BACKGROUNDER ON THE COURT JUDGEMENT OF THE REGENTS OF THE UNIVERSITY OF CALIFORNIA V. BAKKE CASE
Following passage of the 1964 and 1965 Civil Rights acts, President Johnson came to believe that it was not enough just to remove legal barriers confronting minorities; some form of affirmative action would be needed to help minorities overcome decades of prior discrimination. On September 24, 1965, Johnson issued an executive order requiring federal contractors to take affirmative action to recruit, hire and promote more racial minorities; two years later, in another executive order, Johnson added women to the groups covered by previous antidiscrimination orders.
Affirmative action became one of the most divisive issues of the 1970s and 1980s, and yet the debate over affirmative action can also be seen as part of the process of democracy. Put in starkest terms, proponents of affirmative action argue that because of prior discrimination in education and employment, women and minorities are handicapped when they apply to good schools, seek decent jobs or look for promotions. Therefore, to overcome the results of this past discrimination, colleges and employers ought to give some sort of preferred treatment to minorities, either by actively seeking minority applicants or by setting up a quota of jobs or school spaces reserved for women and minorities. Only by making this effort to bring minorities into the mainstream, goes the argument, can the effects of decades of discrimination finally be erased.
Opponents do not deny that there has been discrimination in the past, but argue that the white male who must lose his chance at entrance to a particular college or job is being penalized unfairly. He had nothing to do with slavery one or two centuries ago, and may not have anything to do with discriminatory practices today. Why should an individual be penalized for what the society has done; conversely, why should the individual minority member benefit today for what was done to his or her ancestors decades ago?
The question came to the Supreme Court, and in the initial decision, the Court split, with four members asserting that affirmative action plans involving racial classification were permissible under the Fourteenth Amendment, and four others claiming that any racial considerations violated the 1964 Civil Rights Act. Justice Lewis Powell believed that some affirmative action plans, if carefully crafted, could pass both constitutional and statutory scrutiny, and he shaped a classic transitional decision. Race could be a factor, but only one of many, used to seek a balance. The decision did not really answer the questions raised by affirmative action, but paved the way for the Court and the society to adopt some affirmative action plans, and to begin the debate over just how far to go in this difficult area.
For further reading: Boris I. Bittker, The Case for Black Reparations (1973); Allen P. Sindler, Bakke, DeFunis and Minority Admissions: The Quest for Equal Opportunity (1978); Melvin I. Urofsky, A Conflict of Rights: The Supreme Court and Affirmative Action (1991).
REGENTS OF THE UNIVERSITY OF CALIFORNIA V. BAKKE (1978)
Justice Powell announced the judgement of the Court.

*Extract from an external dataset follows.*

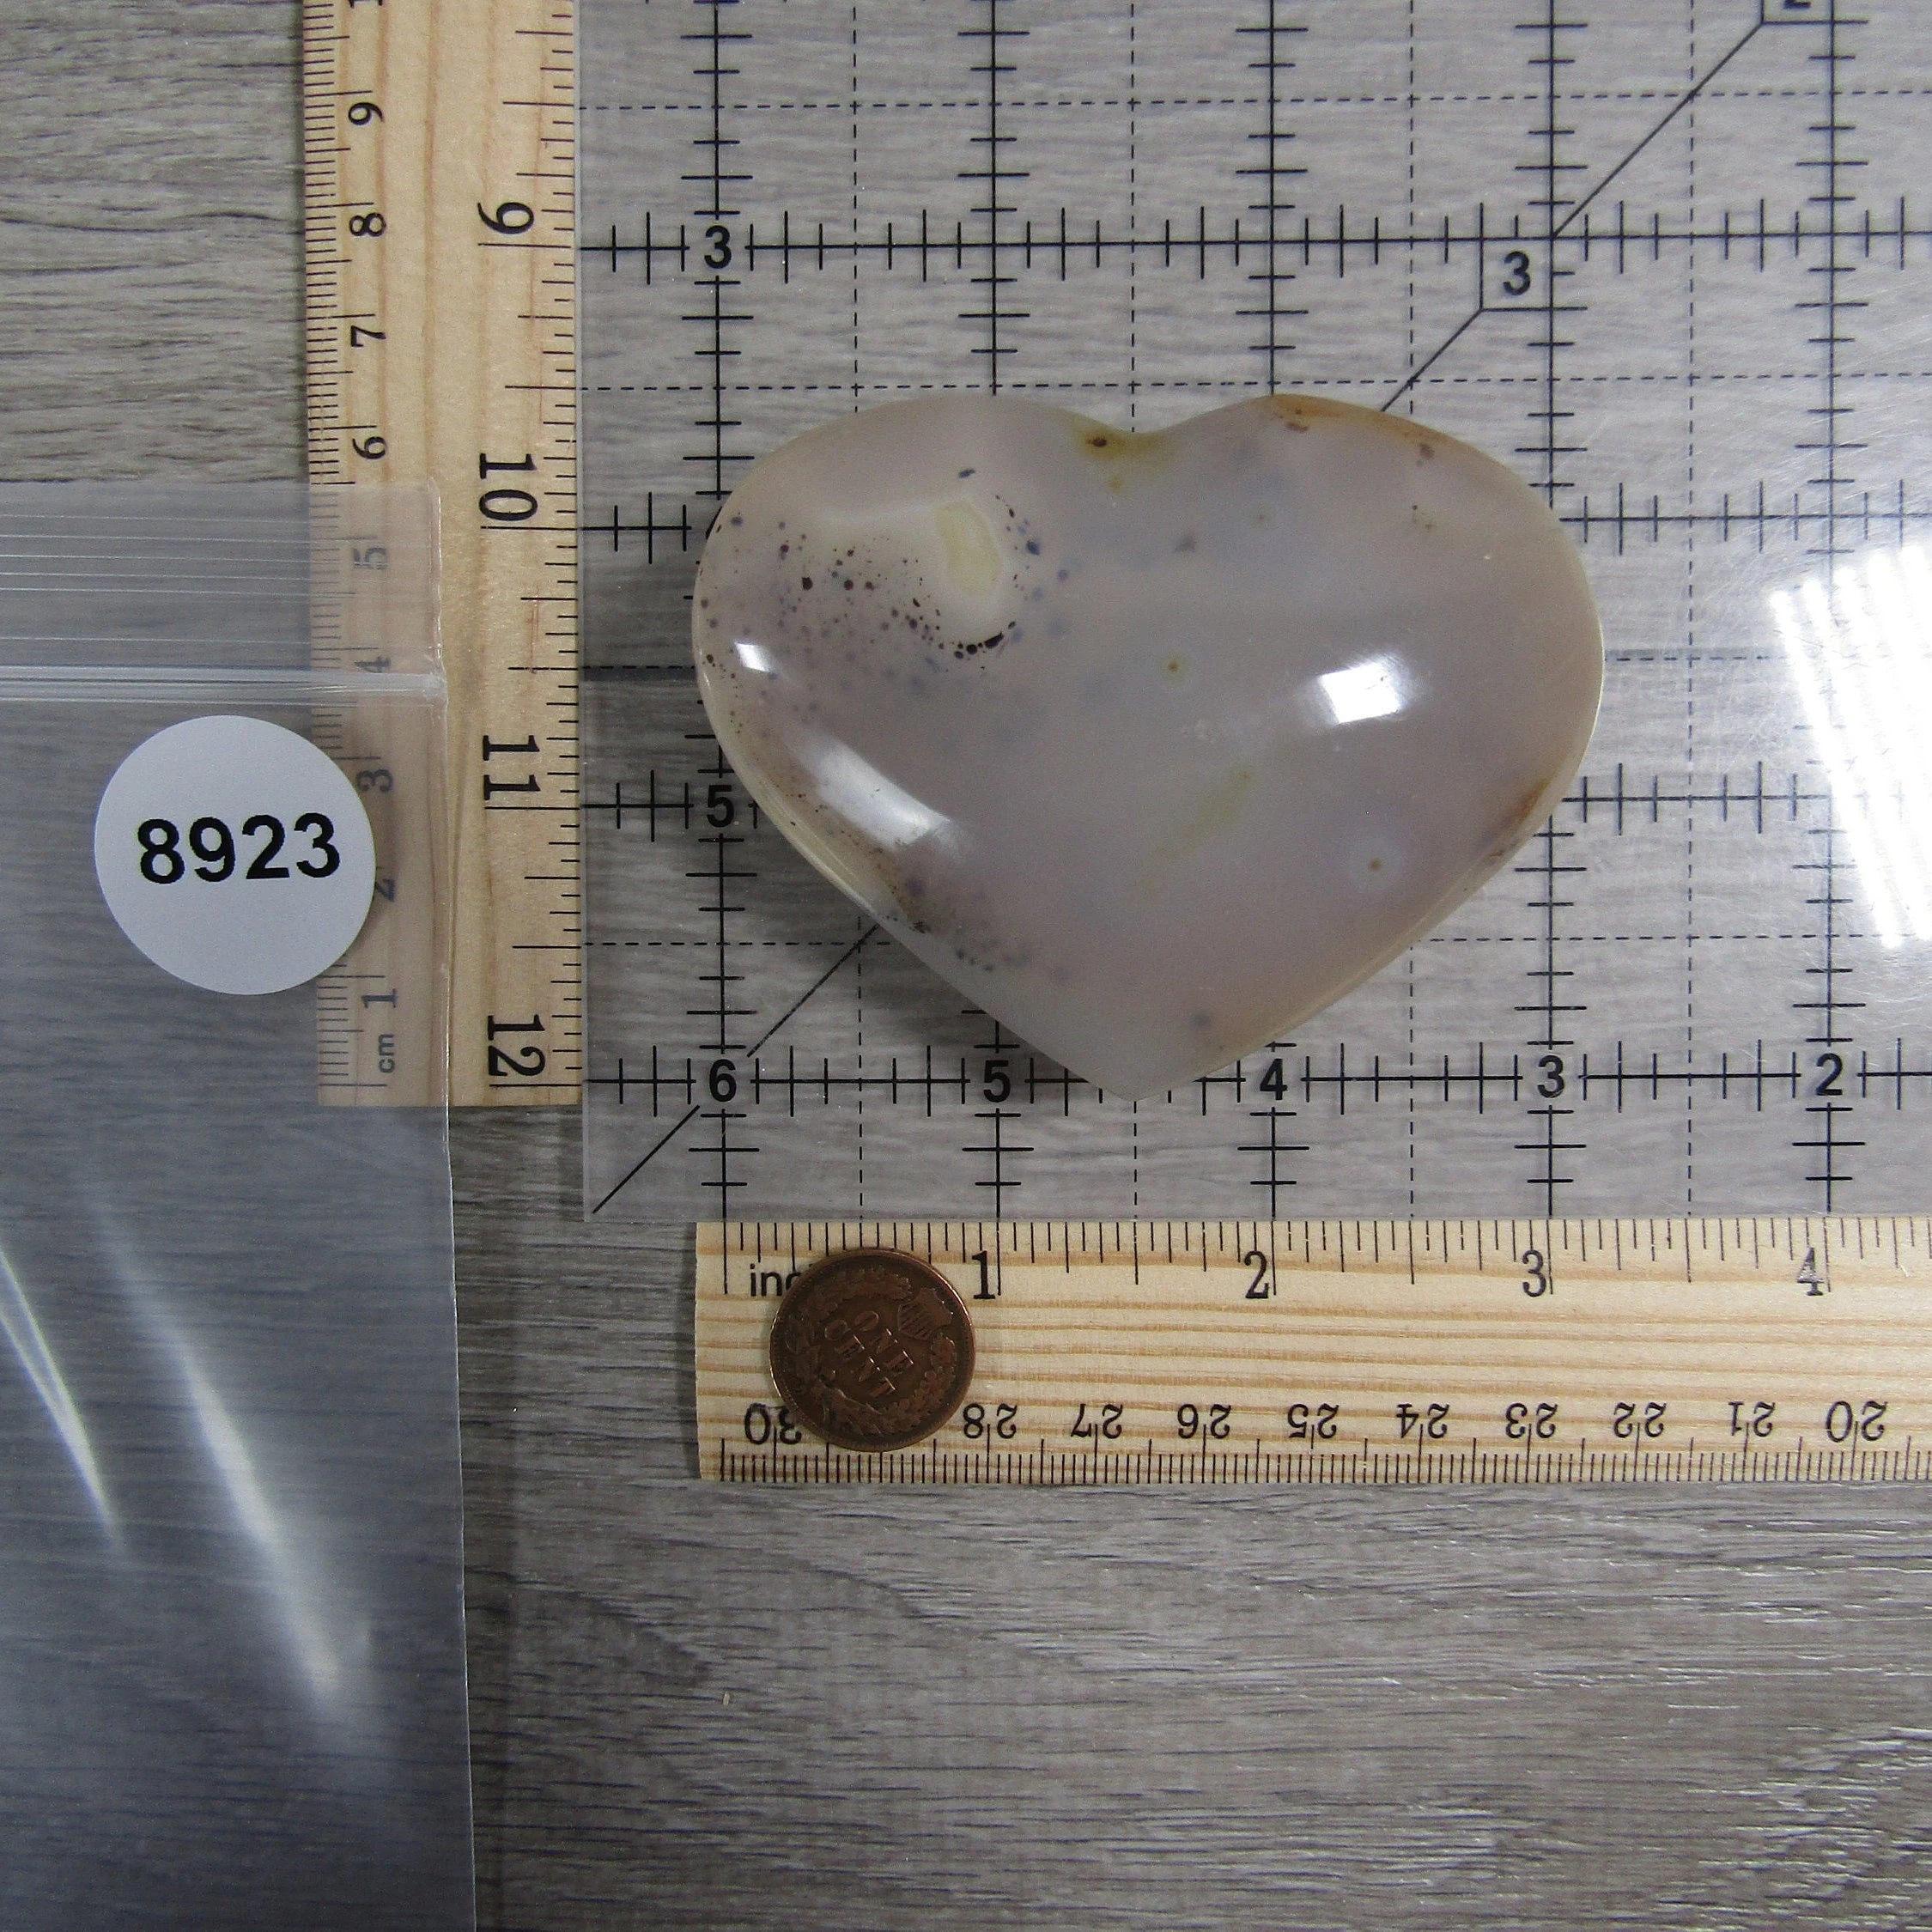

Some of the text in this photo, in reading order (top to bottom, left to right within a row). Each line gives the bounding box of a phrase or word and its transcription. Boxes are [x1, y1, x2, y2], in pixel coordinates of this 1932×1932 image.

This case presents a challenge to the special admissions program of the petitioner, the Medical School of the University of California at Davis, which is designed to assure the admission of a specified number of students from certain minority groups. The Supreme Court of California held the special admissions program unlawful, enjoined petitioner from considering the race of any applicant, and ordered Bakke's admission. For the reasons stated in the following opinion, I believe that so much of the judgement of the California court as holds petitioner's special admissions program unlawful and directs that respondent be admitted to the Medical School must be affirmed. For reasons expressed in a separate opinion, my Brother The Chief Justice, Mr. Justice Stewart, Mr. Justice Rehnquist, and Mr. Justice Stevens concur in this judgment. I also conclude for the reasons stated in the following opinion that the portion of the court's judgement enjoining petitioner from according any consideration to race in its admissions process must be reversed. For reasons expressed in separate opinions, my Brothers Mr. Justice Brennan, Mr. Justice White, Mr. Justice Marshall, and Mr. Justice Blackmun concur in this judgement.
Affirmed in part and reversed in part...
Because the special admissions program involved in a racial classification, the supreme court [of California] held itself bound to apply strict scrutiny. It then turned to the goals the University presented as justifying the special program. Although the court agreed that the goals of integrating the medical profession and increasing the number of physicians willing to serve members of minority groups were compelling state interests, it concluded that the special admissions program was not the least intrusive means of achieving those goals. Without passing on the state constitutional or the federal statutory grounds cited in the trial court's judgement, the California court held that the Equal Protection Clause required that "no applicant may be rejected because of his race, in favor of another who is less qualified, as measured by standards applied without regard to race."...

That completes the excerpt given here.